Supplied material below:

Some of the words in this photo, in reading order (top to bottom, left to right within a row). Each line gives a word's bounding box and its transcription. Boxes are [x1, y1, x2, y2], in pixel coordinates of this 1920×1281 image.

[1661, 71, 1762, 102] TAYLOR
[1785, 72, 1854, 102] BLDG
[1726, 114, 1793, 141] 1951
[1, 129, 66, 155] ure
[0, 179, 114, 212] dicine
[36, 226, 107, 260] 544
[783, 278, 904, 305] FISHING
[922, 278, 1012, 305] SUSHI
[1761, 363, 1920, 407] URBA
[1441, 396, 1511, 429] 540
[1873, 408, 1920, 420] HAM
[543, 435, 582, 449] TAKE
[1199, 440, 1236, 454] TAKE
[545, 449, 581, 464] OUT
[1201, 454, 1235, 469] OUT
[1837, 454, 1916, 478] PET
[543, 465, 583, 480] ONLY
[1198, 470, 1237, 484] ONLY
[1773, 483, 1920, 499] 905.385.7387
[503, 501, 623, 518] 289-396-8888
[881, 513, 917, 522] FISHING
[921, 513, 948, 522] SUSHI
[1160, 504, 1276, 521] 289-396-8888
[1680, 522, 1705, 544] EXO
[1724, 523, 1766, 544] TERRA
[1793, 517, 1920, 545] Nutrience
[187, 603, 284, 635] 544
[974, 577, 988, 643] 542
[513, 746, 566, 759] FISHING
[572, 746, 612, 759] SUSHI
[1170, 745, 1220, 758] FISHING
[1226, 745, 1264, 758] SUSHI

End of Supplied material.

Instructions for the task
All of the records above are to be set down again exactly.

Completed task
Some of the words in this photo, in reading order (top to bottom, left to right within a row). Each line gives a word's bounding box and its transcription. Boxes are [x1, y1, x2, y2], in pixel coordinates of this 1920×1281 image.

[1661, 71, 1762, 102] TAYLOR
[1785, 72, 1854, 102] BLDG
[1726, 114, 1793, 141] 1951
[1, 129, 66, 155] ure
[0, 179, 114, 212] dicine
[36, 226, 107, 260] 544
[783, 278, 904, 305] FISHING
[922, 278, 1012, 305] SUSHI
[1761, 363, 1920, 407] URBA
[1441, 396, 1511, 429] 540
[1873, 408, 1920, 420] HAM
[543, 435, 582, 449] TAKE
[1199, 440, 1236, 454] TAKE
[545, 449, 581, 464] OUT
[1201, 454, 1235, 469] OUT
[1837, 454, 1916, 478] PET
[543, 465, 583, 480] ONLY
[1198, 470, 1237, 484] ONLY
[1773, 483, 1920, 499] 905.385.7387
[503, 501, 623, 518] 289-396-8888
[881, 513, 917, 522] FISHING
[921, 513, 948, 522] SUSHI
[1160, 504, 1276, 521] 289-396-8888
[1680, 522, 1705, 544] EXO
[1724, 523, 1766, 544] TERRA
[1793, 517, 1920, 545] Nutrience
[187, 603, 284, 635] 544
[974, 577, 988, 643] 542
[513, 746, 566, 759] FISHING
[572, 746, 612, 759] SUSHI
[1170, 745, 1220, 758] FISHING
[1226, 745, 1264, 758] SUSHI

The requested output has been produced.